Alum is the common name for hydrated sodium (or potassium or ammonium) aluminium sulphate. It is white transparent, and very astringent. Seldom found pure, it was usually extracted from aluminous shale by being first fired with COAL, WOOD and FURZE, then steeped in water for many months and boiled in LEAD pan with URINE [Trinder & Cox (1980); Trinder (1992)]. Found among DYERS GOODS, alum was the most important mordant (a technical term for a substance used to form a colour lake with the dye and to fix colours) throughout ancient and medieval times [Ponting (1980)]. The commodities most commonly dyed with the aid of alum were WOOL, TEXTILEs and BONE. Both alum and COPPERAS became important commodities in this period because of the expansion in the production of English coloured CLOTH. Alum was also used in processing LEATHER to make it supple (see TAWED) and in sizing paper. What is often overlooked is that it was used in medicine and was listed among the DRUGs in the Books of Rates. It was taken internally as an astringent, and externally as a styptic to stop bleeding. The Dictionary Project's sources also reveal that Alum had other occasional applications such as to scent old CASKs [Houghton], and as an adulterant of BREAD [Accum (1820)].
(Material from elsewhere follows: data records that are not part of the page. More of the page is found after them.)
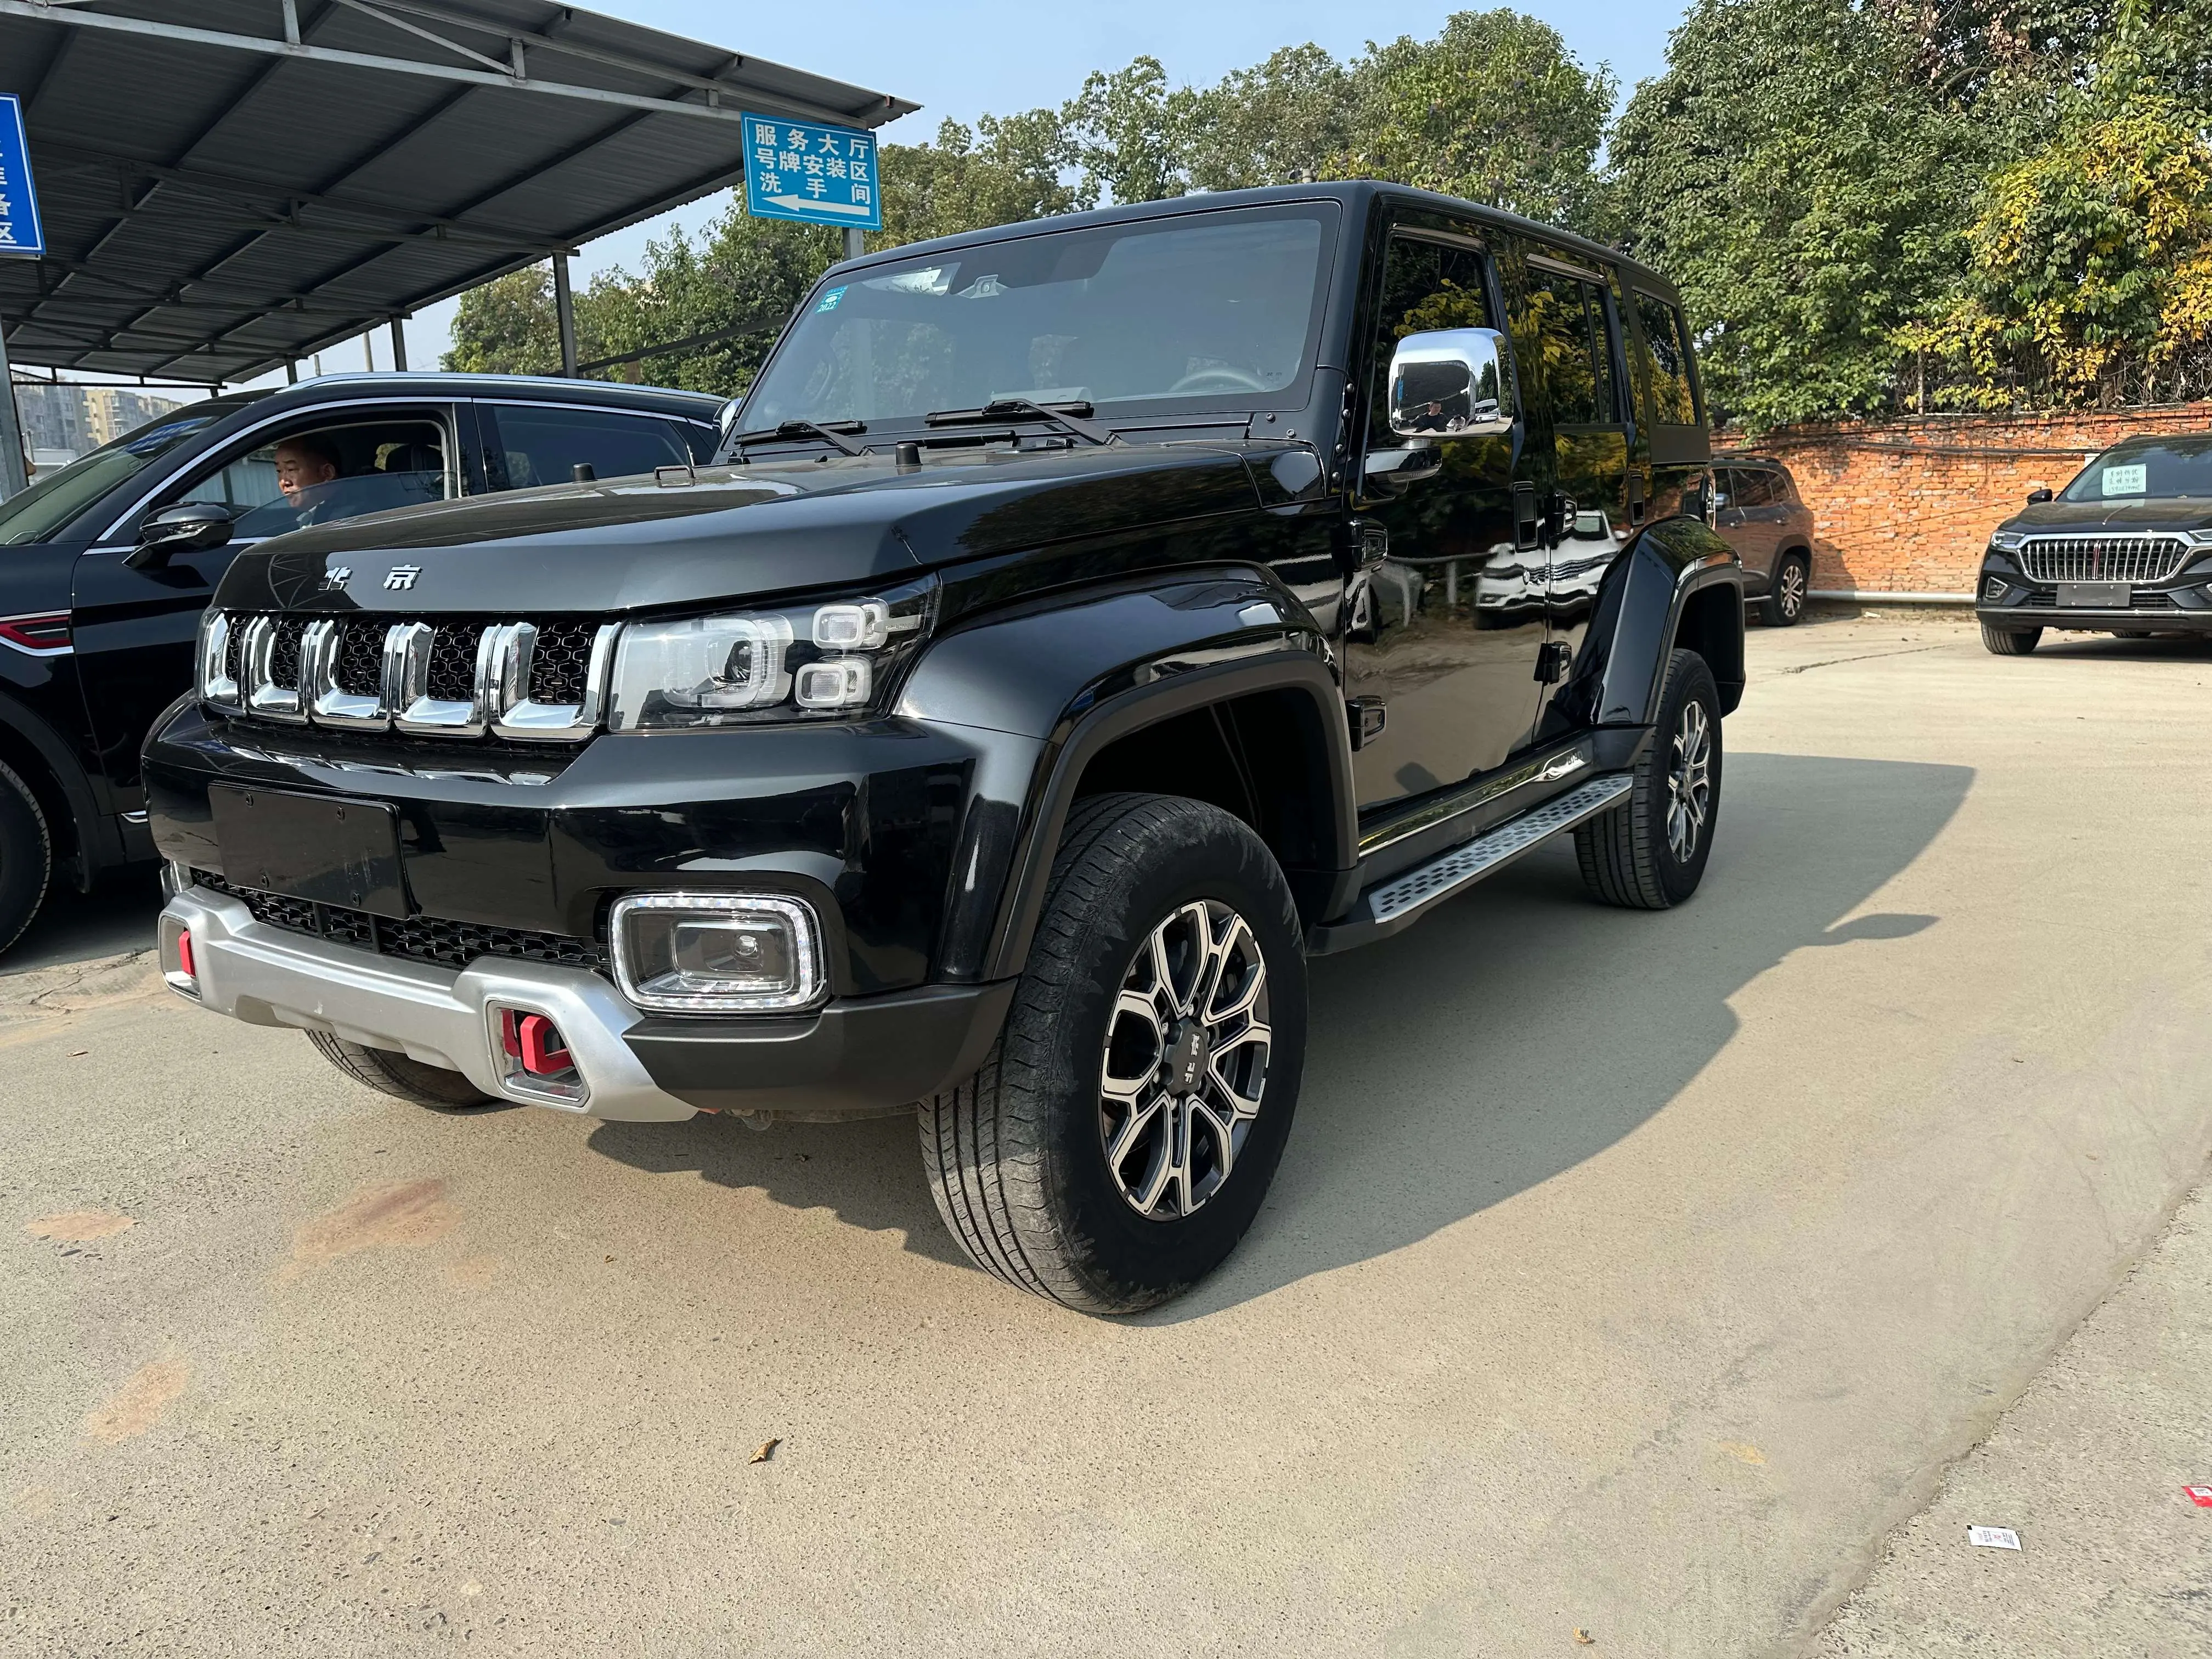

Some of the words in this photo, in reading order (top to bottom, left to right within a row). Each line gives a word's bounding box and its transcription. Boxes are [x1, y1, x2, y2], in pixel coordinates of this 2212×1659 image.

[755, 123, 868, 159] 服务大厅
[754, 148, 870, 182] 号牌安装区
[759, 171, 871, 205] 洗手间
[816, 301, 837, 312] 2022
[318, 565, 421, 590] 北京
The manufacture and distribution of alum was closely controlled by a powerful elite. Until the fifteenth century Genoa was the main European manufacturing source, and alum was regularly imported to Britain on Spanish and Portuguese ships docking at Bristol and Southampton. Later Tolfa (Italy) under the jurisdiction of the Papacy became the hub of alum production. In Britain alum manufacture was subject to royal monopoly. Yorkshire was the leading centre throughout much of the period, from about 1600 until the mid nineteenth century [Trinder (1992)]. In 1654 the British government intervened further in the distribution of alum by standardizing its principal measure decreeing that a CWT of alum was to be the equivalent of 112 LB.
See also ALUM LEATHER, ALUM TUB, ALUM WATER, MADDER, ROCHE ALUM.
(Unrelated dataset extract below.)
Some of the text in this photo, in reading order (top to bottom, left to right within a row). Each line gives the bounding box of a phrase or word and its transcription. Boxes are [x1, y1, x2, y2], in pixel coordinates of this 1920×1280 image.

Sources: Acts, Diaries, Houghton, Inventories (early), Inventories (mid-period), Inventories (late), Newspapers, Patents, Rates, Recipes, Tradecards.
References: Accum (1820), Ponting (1980), Trinder (1992), Trinder & Cox (1980).
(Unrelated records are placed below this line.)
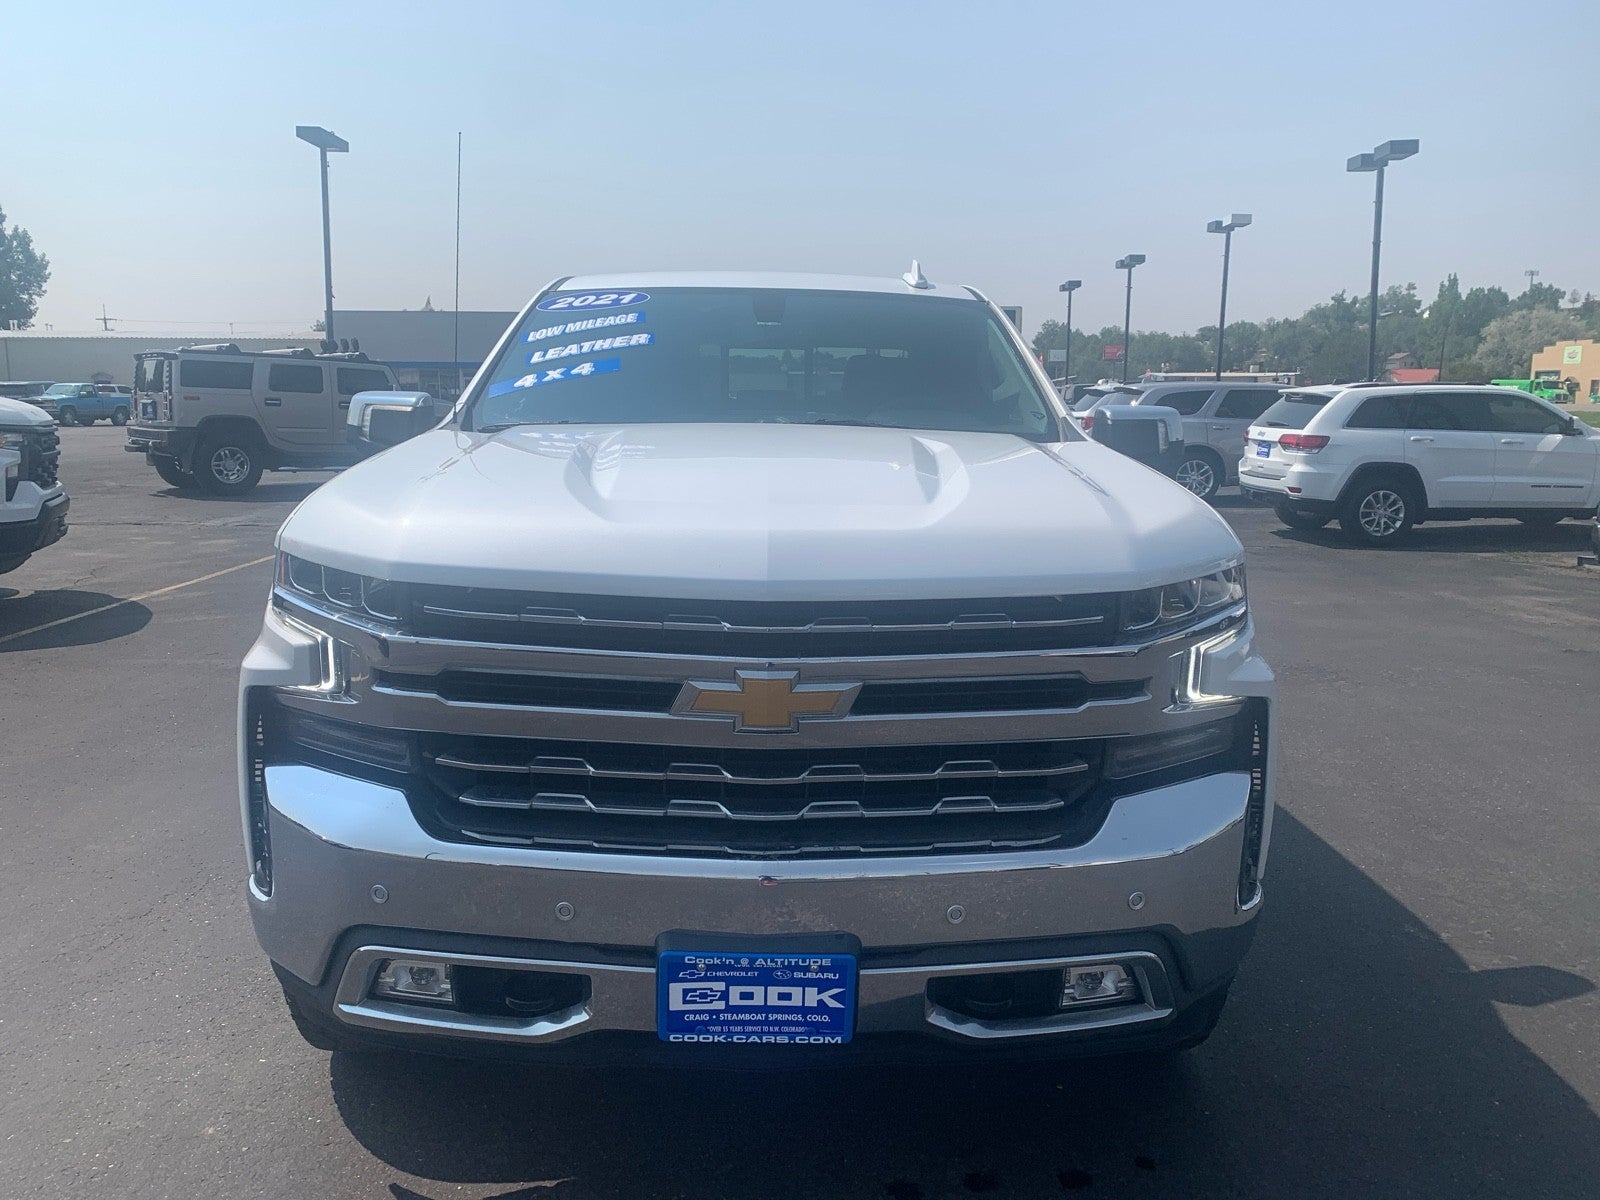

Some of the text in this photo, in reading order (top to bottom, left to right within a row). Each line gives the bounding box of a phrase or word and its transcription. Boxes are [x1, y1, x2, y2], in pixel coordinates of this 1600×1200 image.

[548, 293, 638, 310] 2021
[526, 312, 639, 342] LOW MILEAGE
[530, 333, 652, 364] LEATHER
[684, 956, 735, 965] Cook'n
[754, 958, 832, 966] ALTITUDE
[793, 971, 839, 979] SUBARU
[669, 982, 846, 1010] COOK
[719, 1013, 766, 1021] STEAMBOAT
[768, 1013, 805, 1022] SPRINGS,
[806, 1014, 831, 1022] COLO.
[669, 1034, 842, 1043] COOK-CARS.COM
A TUB containing ALUM, or intended for that purpose. ALUM was used by those such as glovers for processing lightweight SKINs. In one example, 'Alam in Tubbs' appears among the stock of a fell monger [Inventories (1707)]; in the other two, the alum tub was associated with a DRENCH TUB [Inventories (1705)]; [Inventories (1754)]. There was probably nothing distinctive about an alum tub except for its contents. The 'alluminfatt' noted once was almost certainly for use rather than storage [Inventories (1665)], as most of the tubs may also have been.
A solution of ALUM in water that had various medicinal and industrial uses. Alum water had long been in the Pharmacopoeia, and an early version of it 'Fallopius' Allum-water', a supposed cure for the 'French Pox' apparently contained MERCURY. Nicholas Culpeper in his Physical Directory called it 'a childish receipt, for the Quick-silver will most assuredly fly out in the boiling' [Woolley (2003)]. An improved version appeared in Pemberton's Dispensatory called 'Bates Alum Water', since the old form was 'now omitted, as not much in use' [Pemberton (1746)]. This was a mixture of alum with white VITRIOL (zinc sulphate) boiled in water and filtered.
Alum water may have been the form in which alum was sometimes used in dyeing, though it has been noted only once in the Dictionary Archive, when John Houghton claimed it could be used to assist in dyeing BONE [Houghton]. For these industrial uses the formulation may well have been different.